The purpose of the Economic Development Board is said to be to maximise the value of emerging economic opportunities for South Australia, so that the state is recognised as the most competitive place in Australia in which to invest and grow a business.

It is described as an independent advisory body to the Government on economic development issues in South Australia.  Its purposes include advising the Government on what is needed to maximise economic development, and identifying what needs fixing, changing or improving; and championing processes that make South Australia the most competitive place to do business.

After 13 years of operation, one would have to say that its “advising” and “championing of processes” has not been crowned with a great deal of recent tangible success in terms of state economic outcomes.

As I have tried to show in my recent columns, the answers to South Australia’s lack of economic and jobs growth are known: smaller government, lower taxes, less business regulation and freer labour markets.

These policies not only encourage start-ups and new industries, they also help existing businesses to expand by cutting their costs, and making it more profitable to invest.

A better tax plan than the Weatherill Plan would be to ask the Commonwealth to cut income tax, company tax and capital gains tax, particularly for start-up and small businesses for incomes earned and capital invested in South Australia, and to reduce the Commonwealth grants going to the South Australian Government by an offsetting amount.

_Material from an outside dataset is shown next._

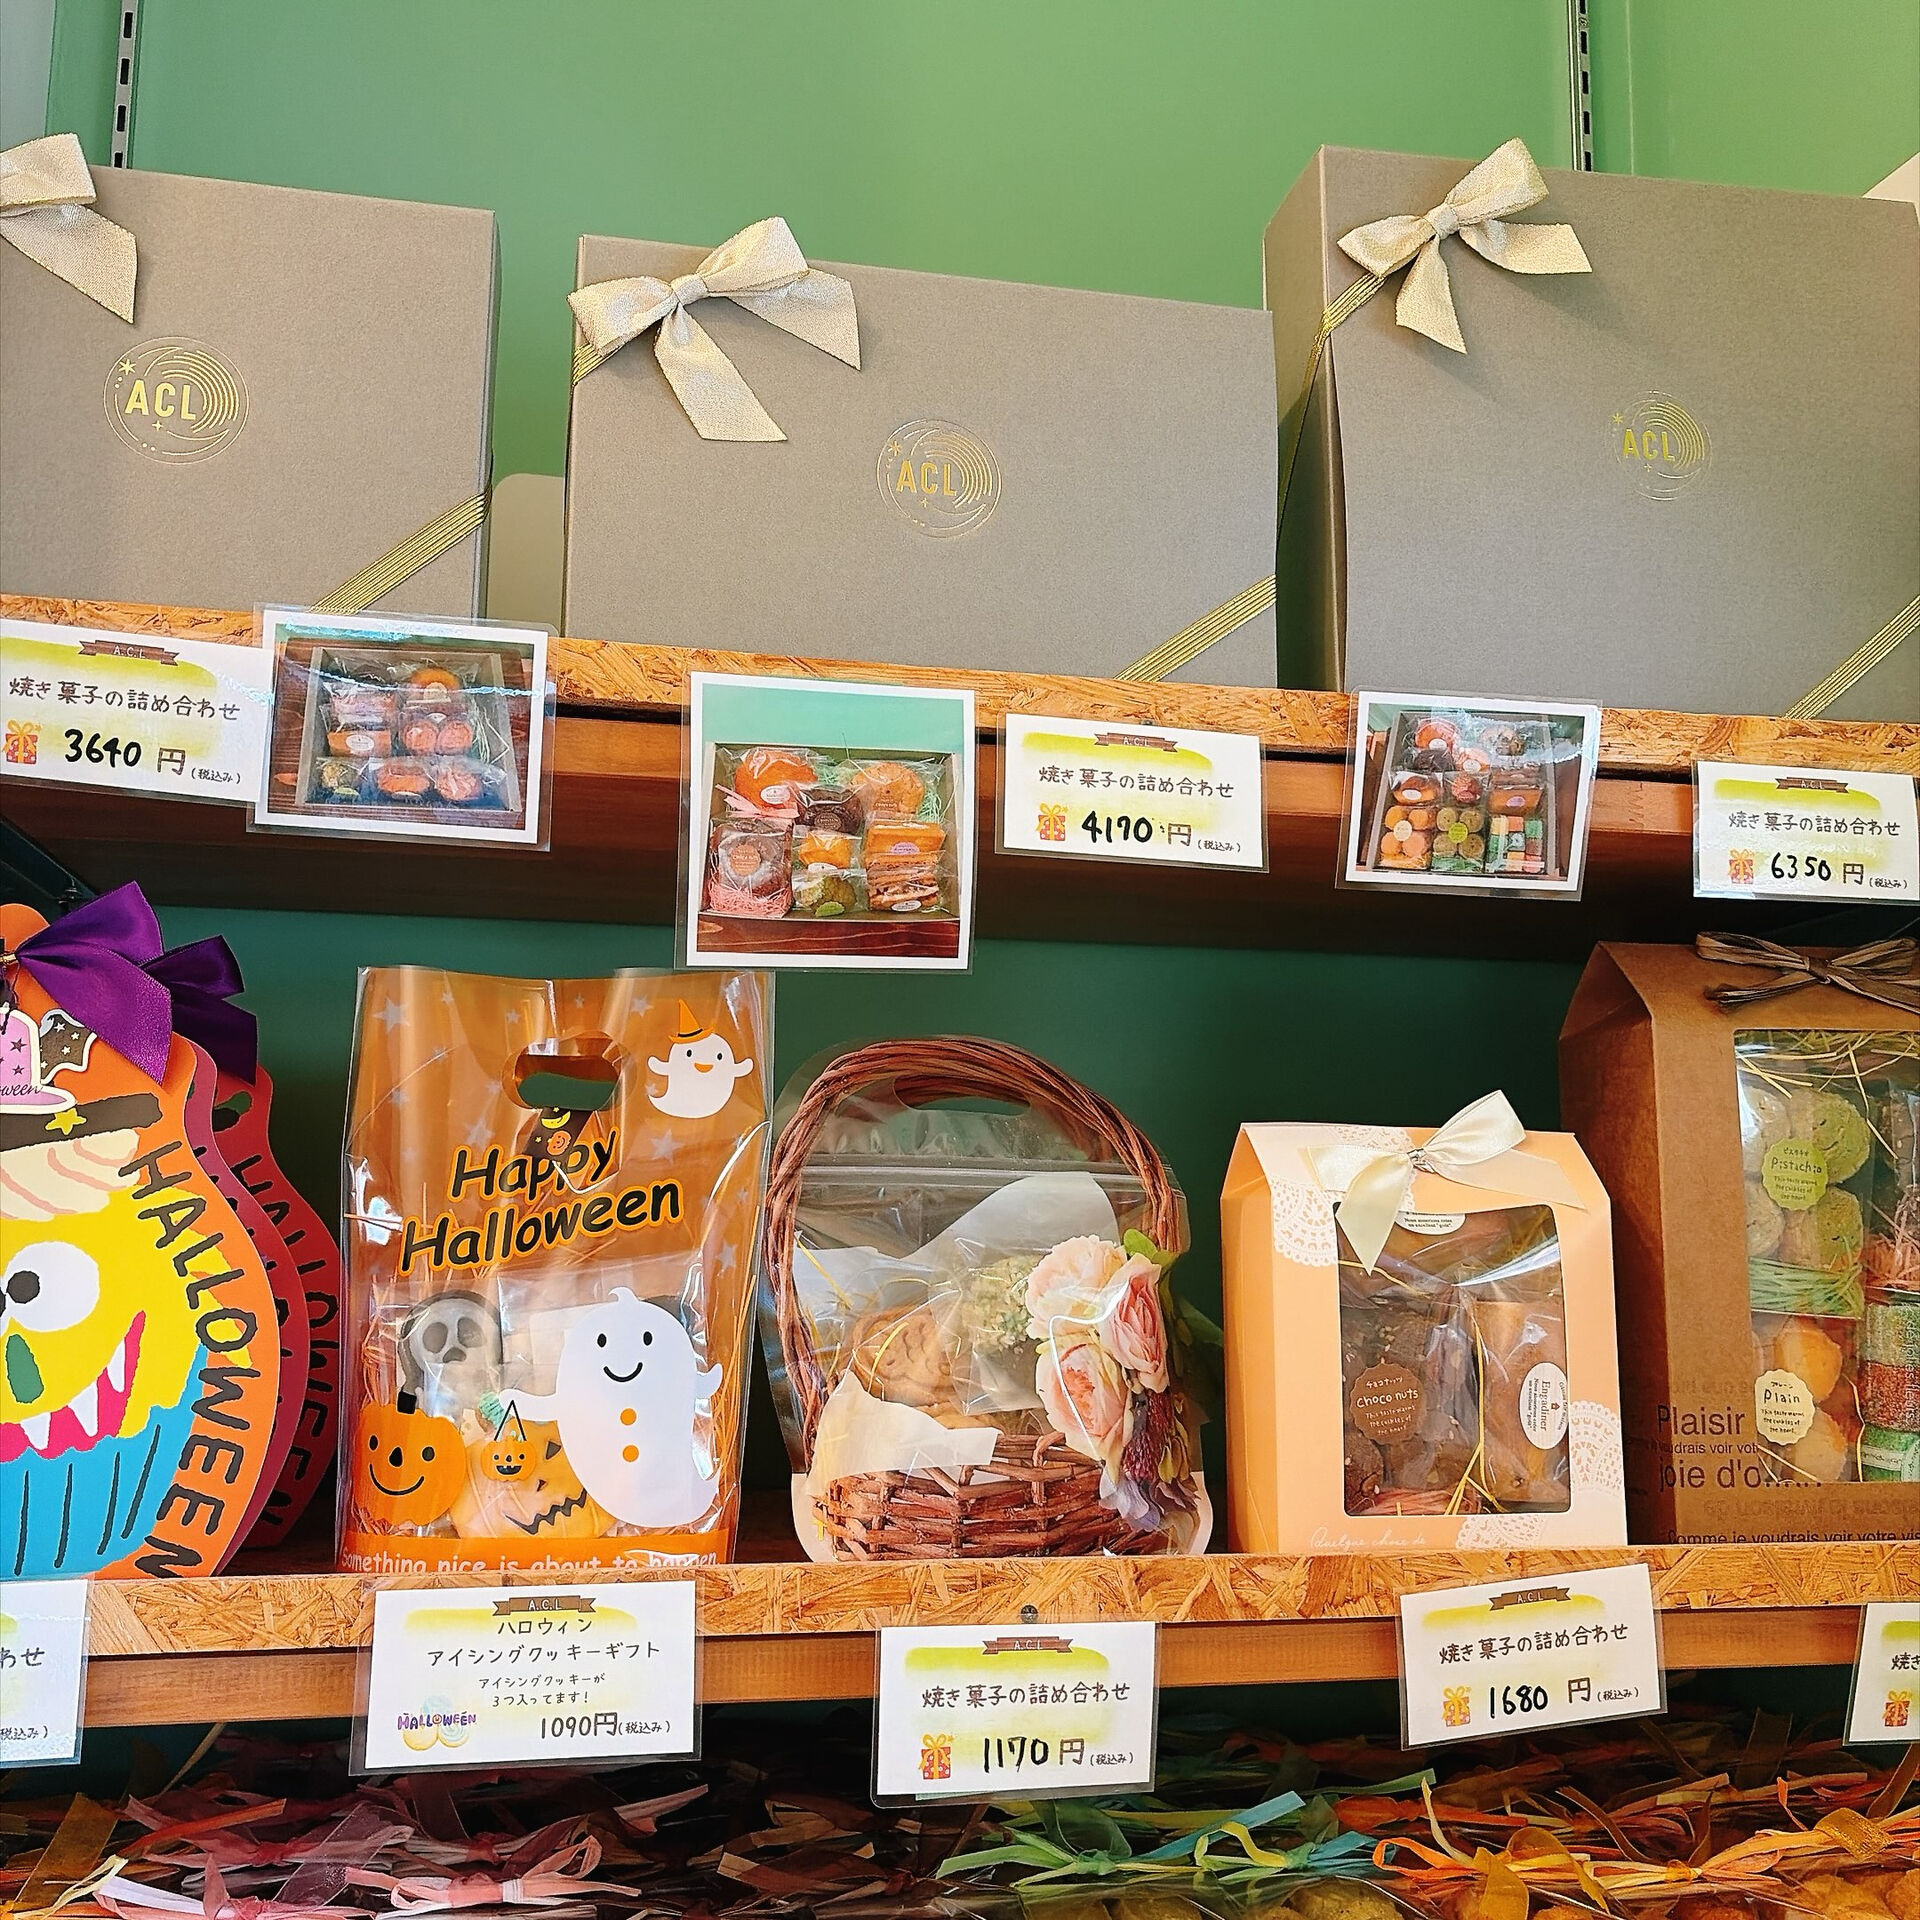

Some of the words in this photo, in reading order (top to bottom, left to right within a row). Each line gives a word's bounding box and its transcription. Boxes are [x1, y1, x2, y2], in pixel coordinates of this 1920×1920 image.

This cut to South Australian Government revenues would be met by cutting State Government activities whose costs exceed their benefits to the community. Do we really need so many ministerial advisors in addition to the large numbers of public servants ostensibly also advising government ministers? Do we really need very expensive hospitals, roads and tunnels that we cannot really afford and could do without?

There is a whiff of Keynesian spending policy aimed at bolstering our economy, when our real problem is bringing about economic structural change to eliminate the structural weaknesses in our economy that the Arthur D. Little Report canvassed accurately for the Bannon Government a quarter of a century ago.

This lower tax/reduced government spending plan puts money back into the hands of South Australia’s citizens and businesses, especially start-ups and small businesses. As a result consumer spending and business investment in South Australia would increase.

Consumer spending increases because South Australians’ real incomes have increased. For the same aggregate spending they are getting greater value – things and services that they want rather than government services they do not value.

More people would be employed producing goods and services that people valued at more than it cost to produce. The state would grow faster, jobs would increase and unemployment would fall.

Richard Blandy is an Adjunct Professor of Economics in the Business School at the University of South Australia.